Collected data:
::::

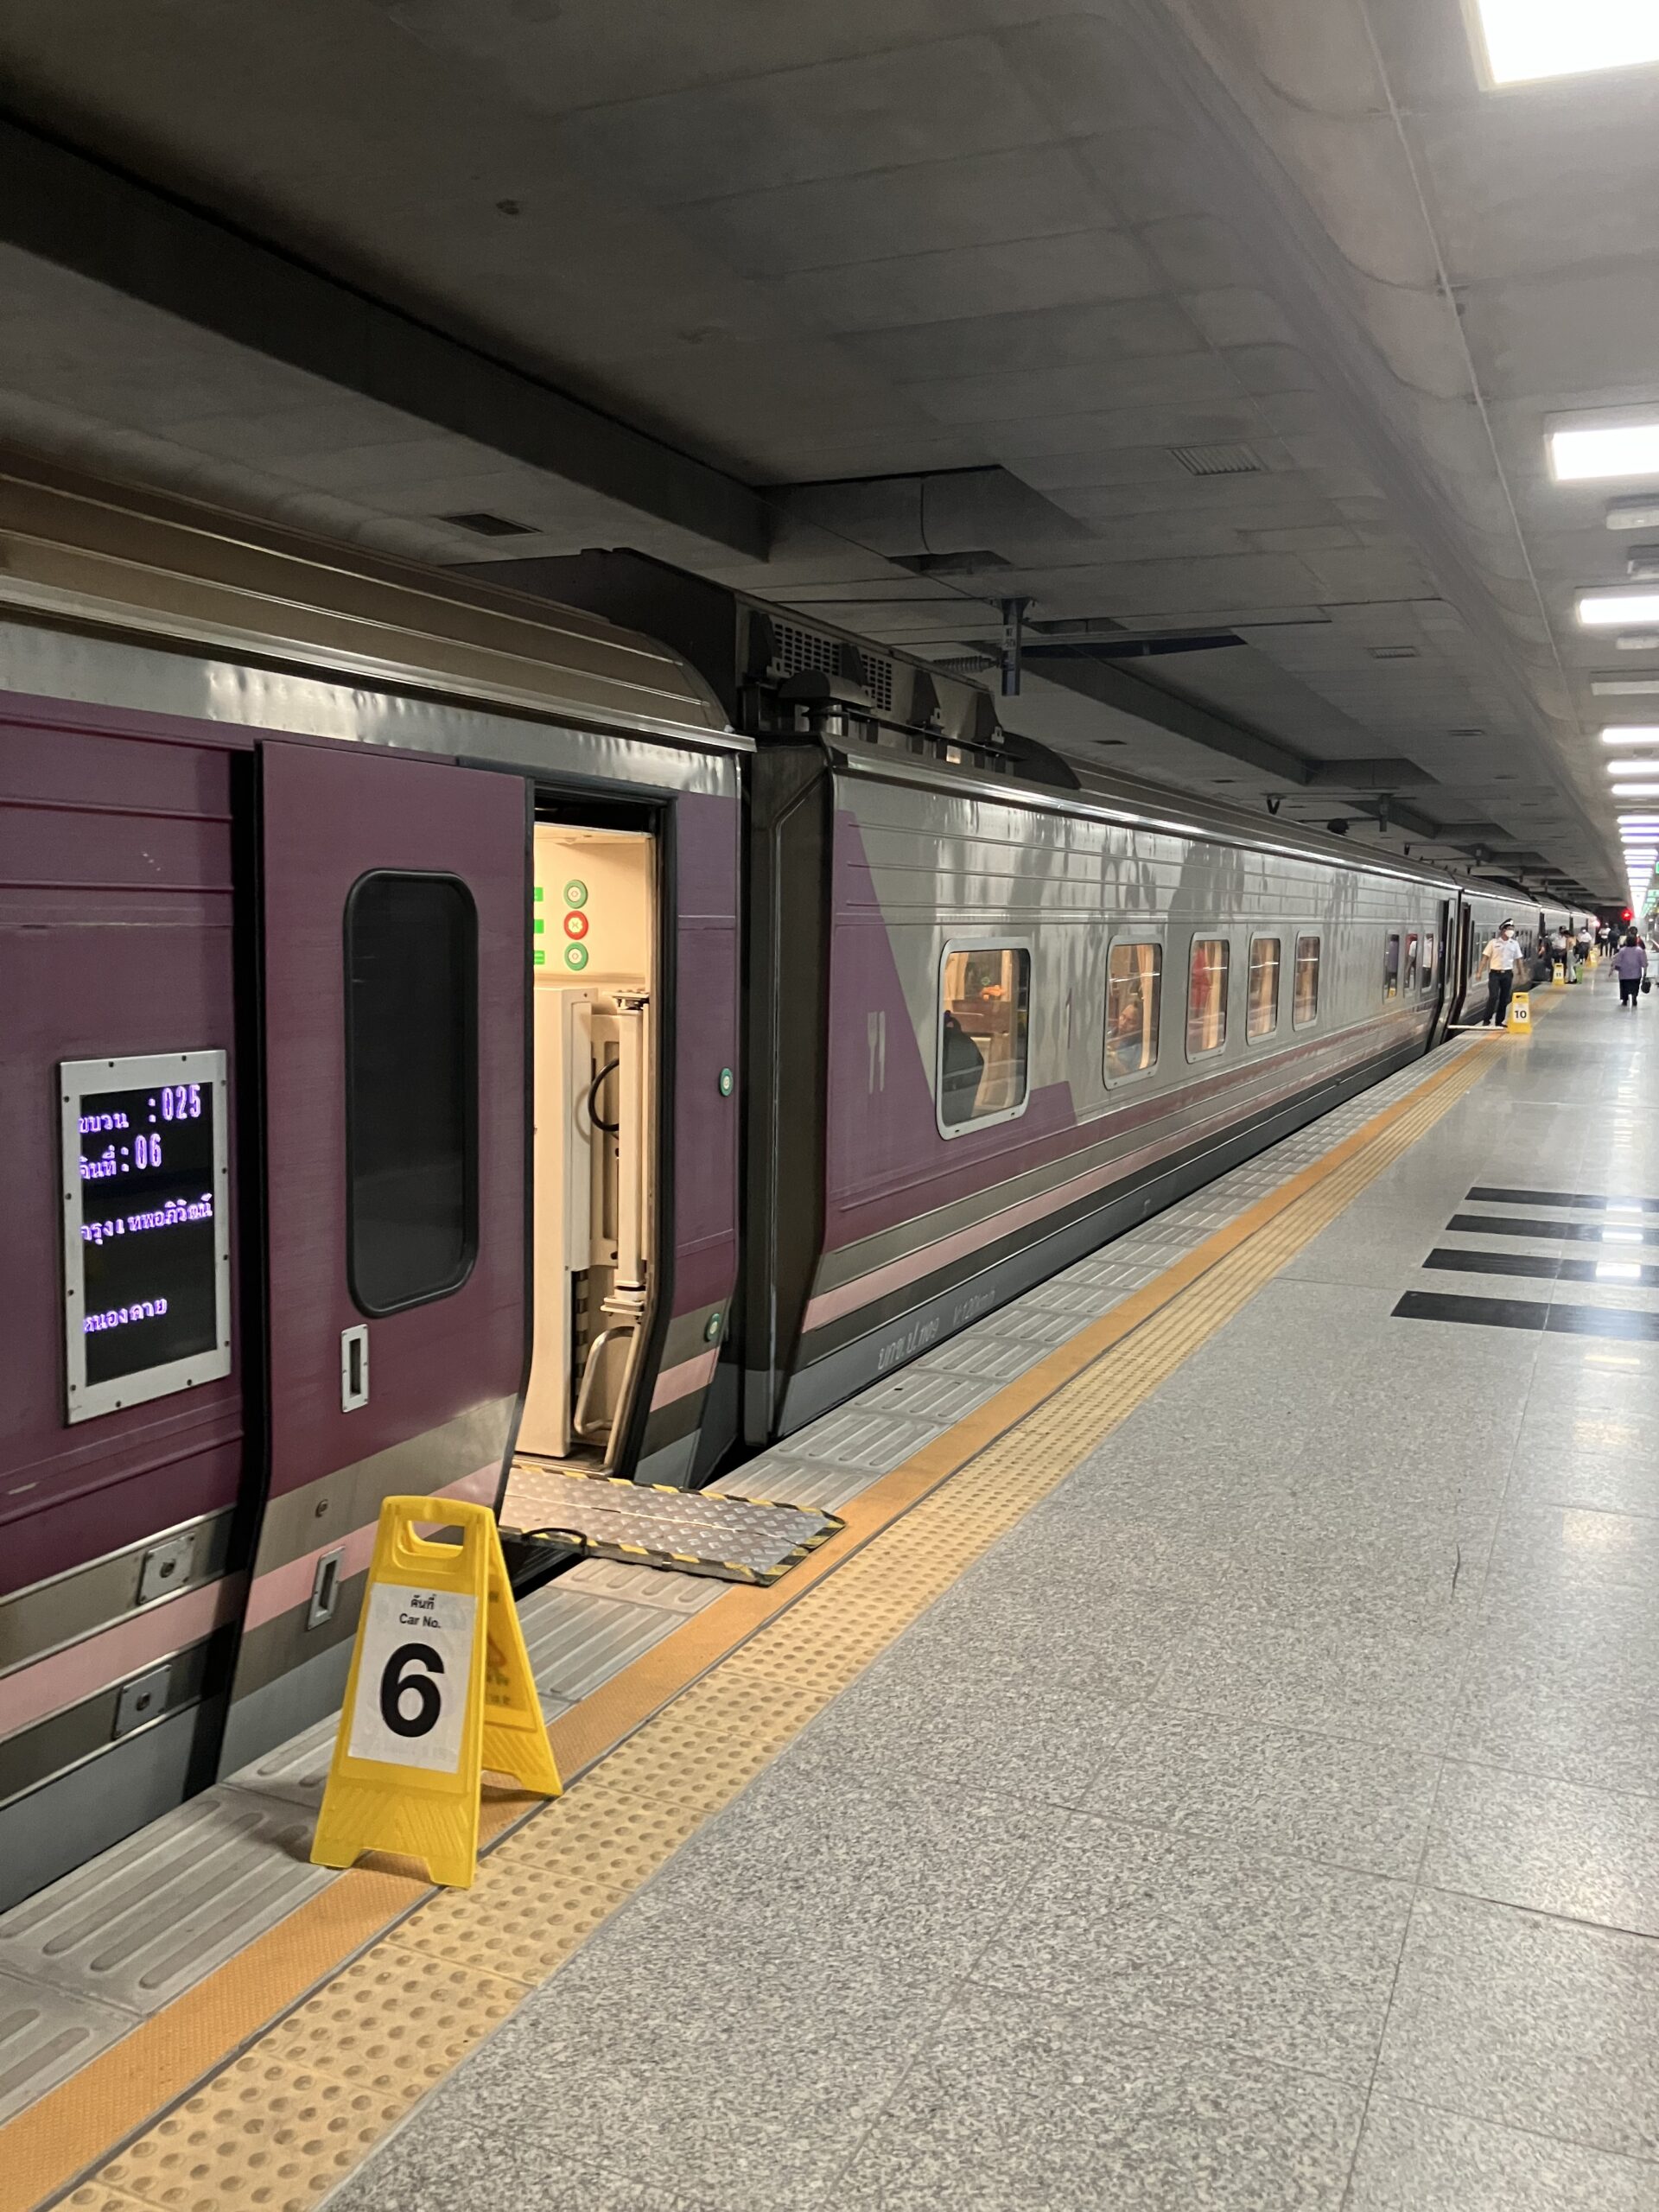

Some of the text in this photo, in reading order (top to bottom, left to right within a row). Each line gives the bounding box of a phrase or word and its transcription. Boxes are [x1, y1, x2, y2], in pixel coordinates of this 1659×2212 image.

[1514, 1010, 1527, 1019] 10
[78, 1113, 130, 1134] ขบวน
[399, 1612, 442, 1629] Car No.
[380, 1643, 445, 1738] 6
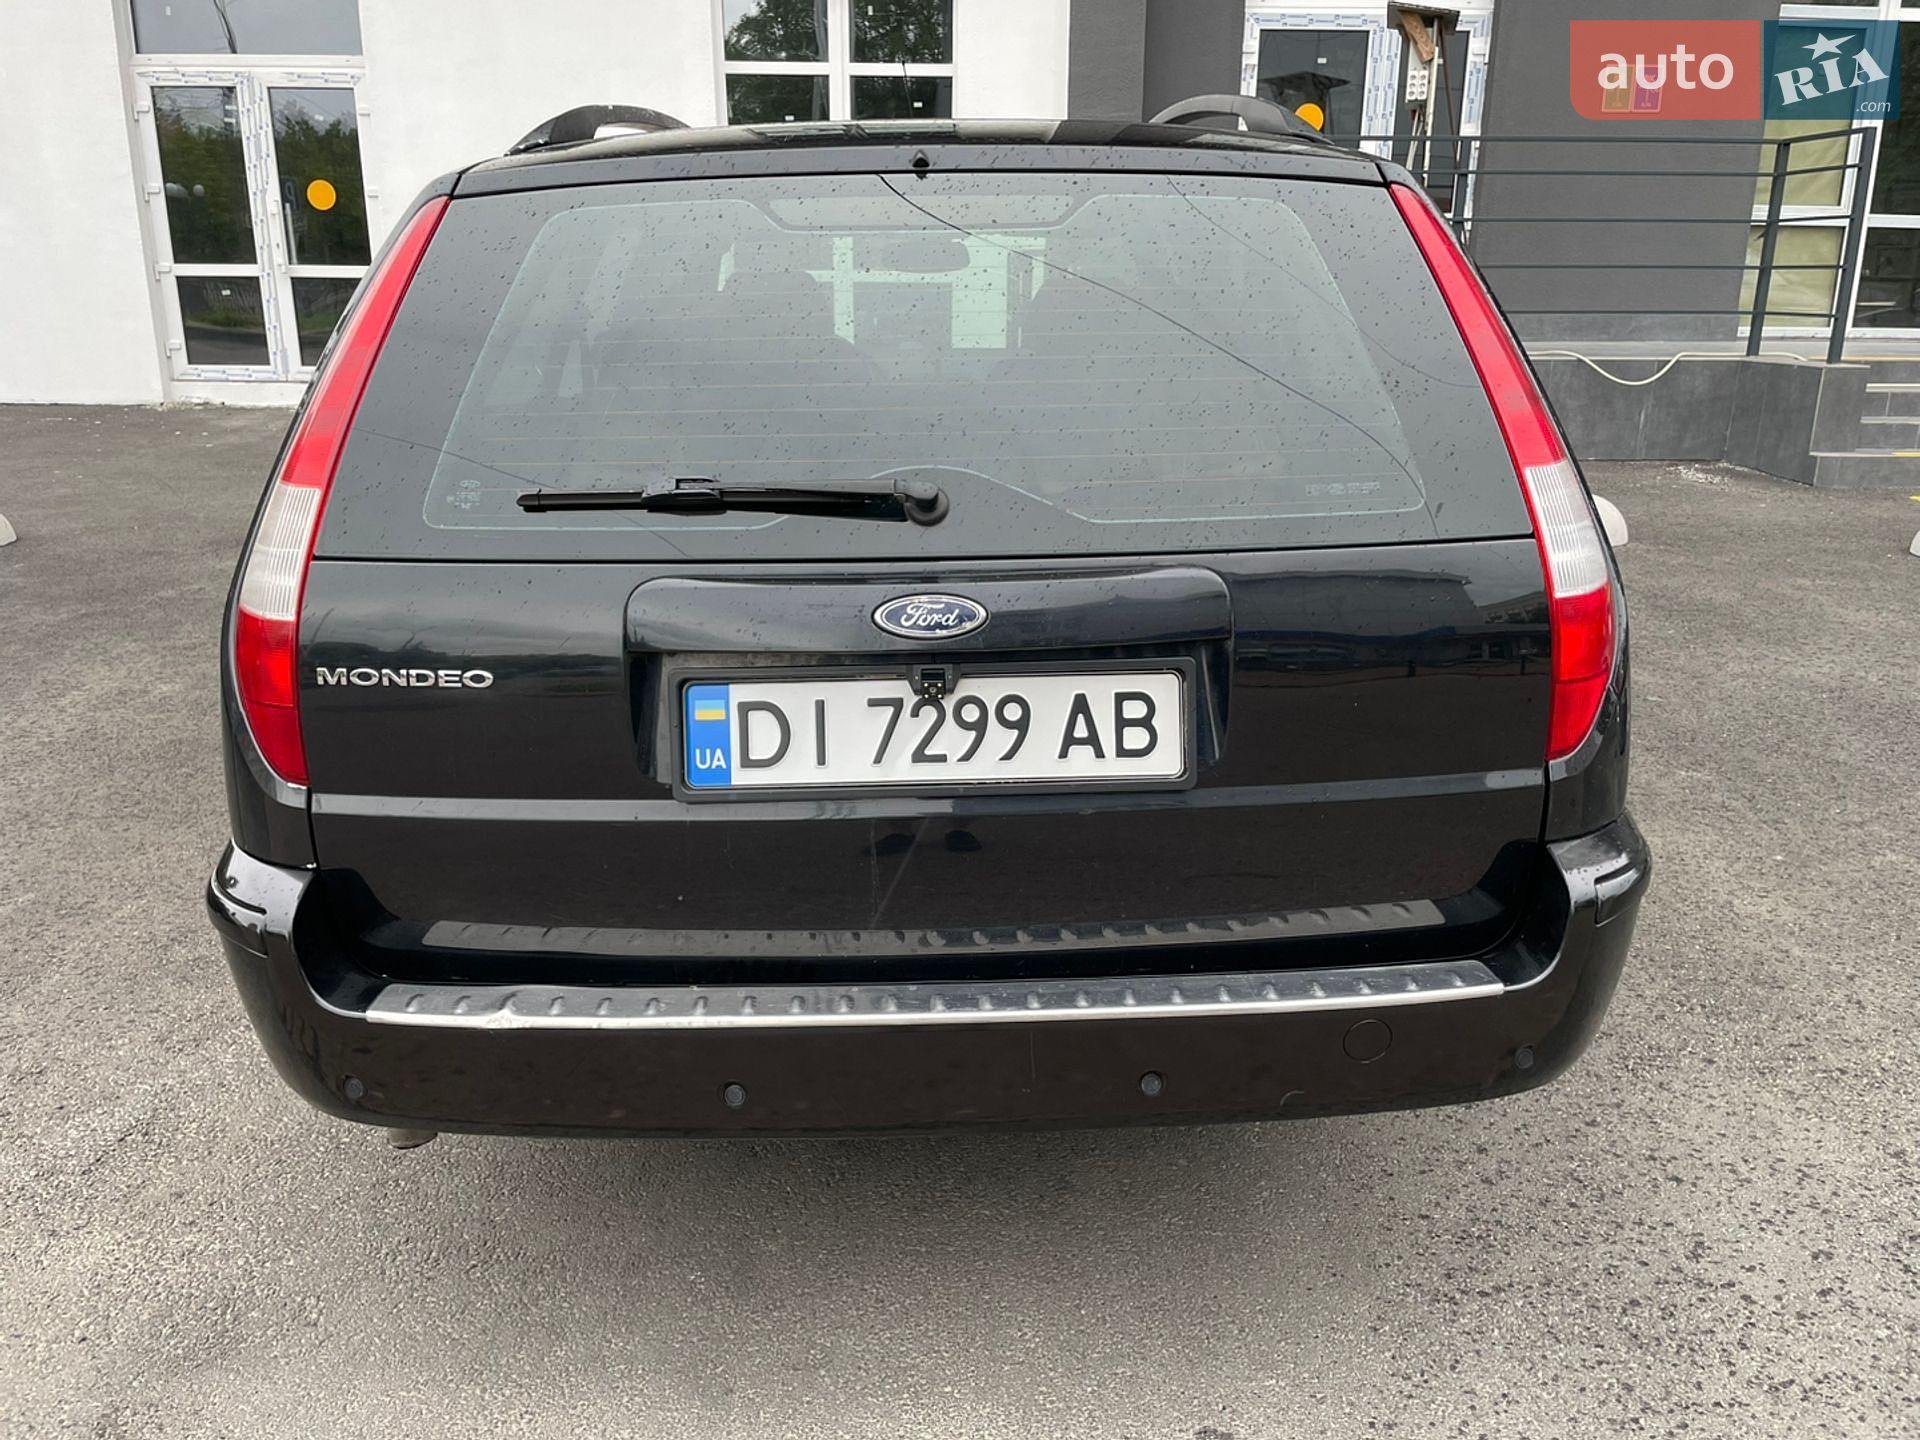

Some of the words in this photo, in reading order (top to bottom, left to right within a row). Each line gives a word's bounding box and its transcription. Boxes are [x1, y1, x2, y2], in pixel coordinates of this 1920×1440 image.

[901, 602, 959, 627] Ford
[316, 667, 493, 688] MONDEO
[737, 699, 828, 769] DI
[866, 693, 1032, 766] 7299
[1057, 692, 1159, 762] AB
[695, 748, 727, 770] UA
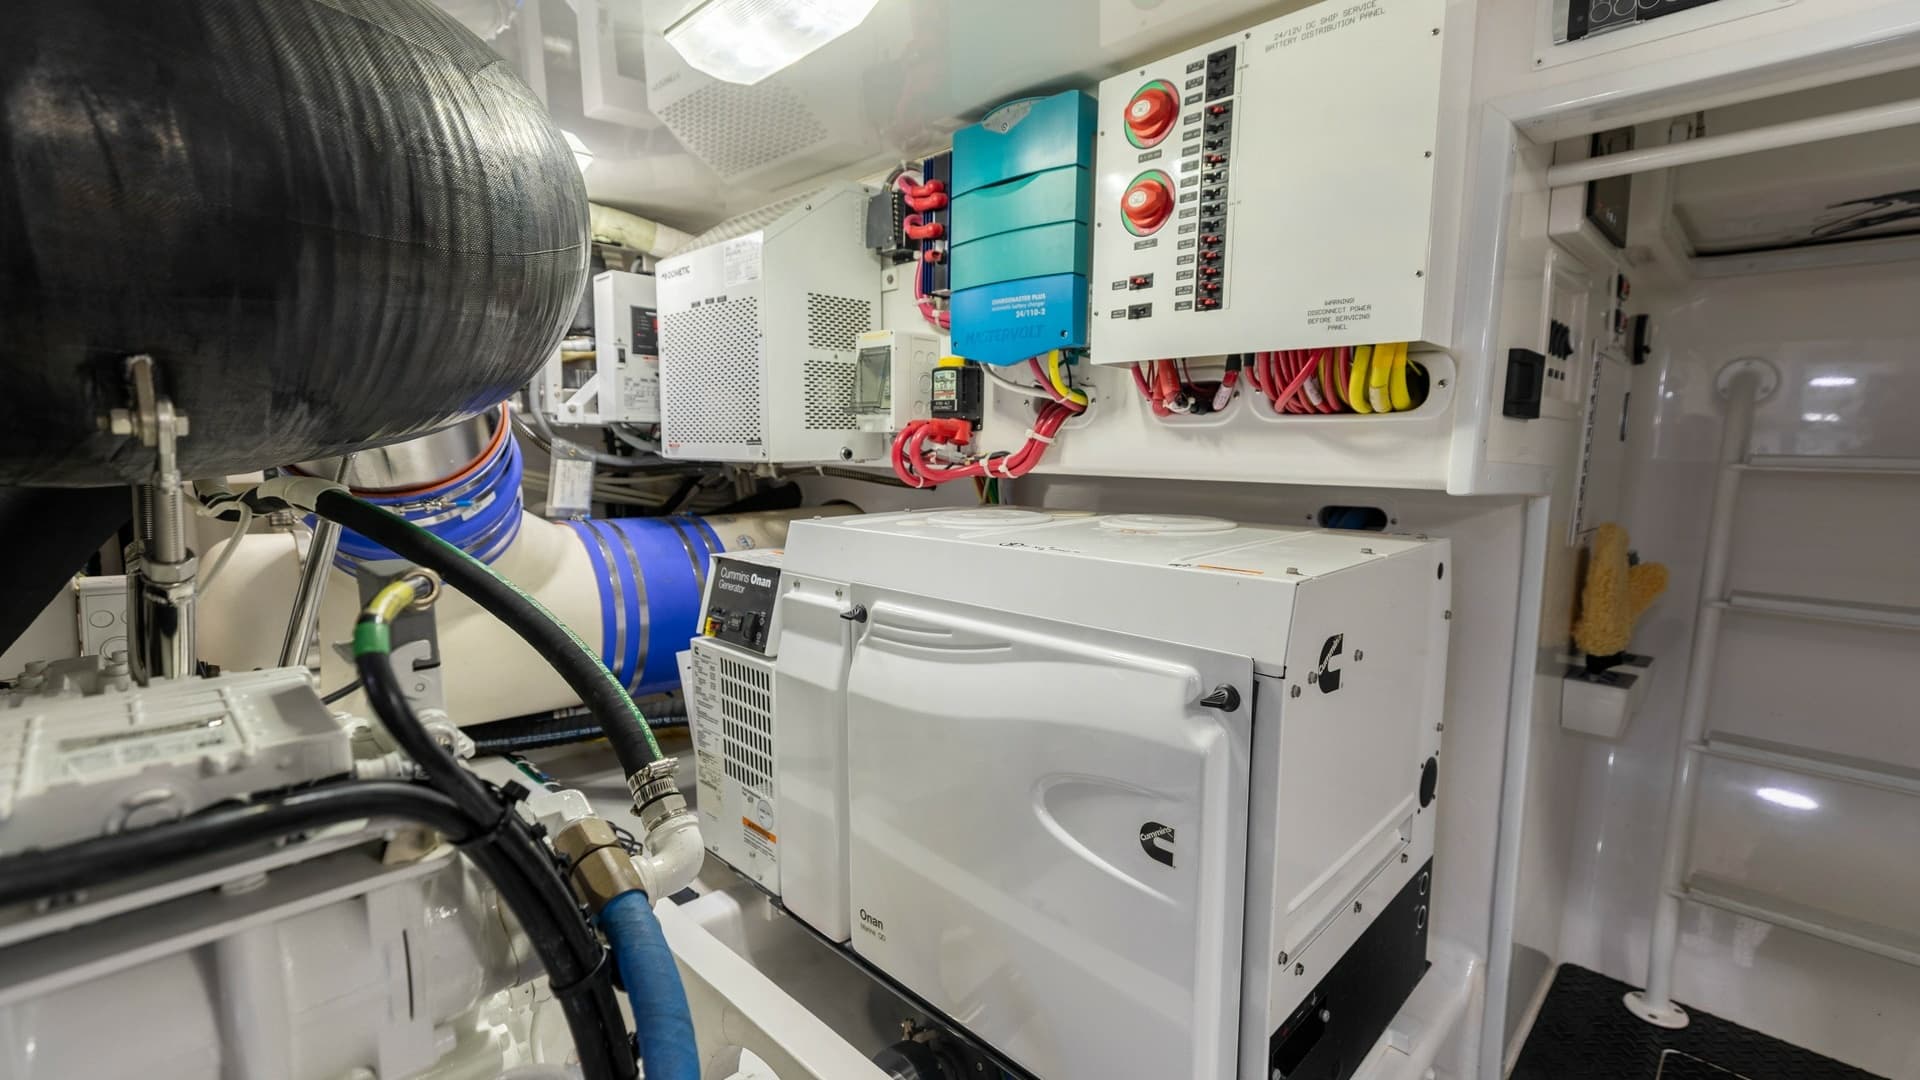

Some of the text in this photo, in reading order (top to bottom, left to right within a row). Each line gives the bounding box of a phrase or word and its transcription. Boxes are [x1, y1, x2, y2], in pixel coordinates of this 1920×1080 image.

::::

When you print the entries, keep every line exactly as it is and drop the pictures.

Some of the text in this photo, in reading order (top to bottom, left to right within a row). Each line gives the bounding box of a phrase or word and its transcription. Boxes are [x1, y1, x2, y2], in pixel coordinates of this 1659×2212 image.

[1514, 1010, 1527, 1019] 10
[78, 1113, 130, 1134] ขบวน
[399, 1612, 442, 1629] Car No.
[380, 1643, 445, 1738] 6

Some of the words in this photo, in reading order (top to bottom, left to right within a row). Each line gives a word's bounding box and its transcription. Boxes are [x1, y1, x2, y2], in pixel coordinates of this 1920×1440 image.

[901, 602, 959, 627] Ford
[316, 667, 493, 688] MONDEO
[737, 699, 828, 769] DI
[866, 693, 1032, 766] 7299
[1057, 692, 1159, 762] AB
[695, 748, 727, 770] UA

Some of the text in this photo, in reading order (top to bottom, left to right within a row). Each line gives the bounding box of a phrase or word and its transcription. Boxes are [x1, y1, x2, y2], in pixel coordinates of this 1920×1080 image.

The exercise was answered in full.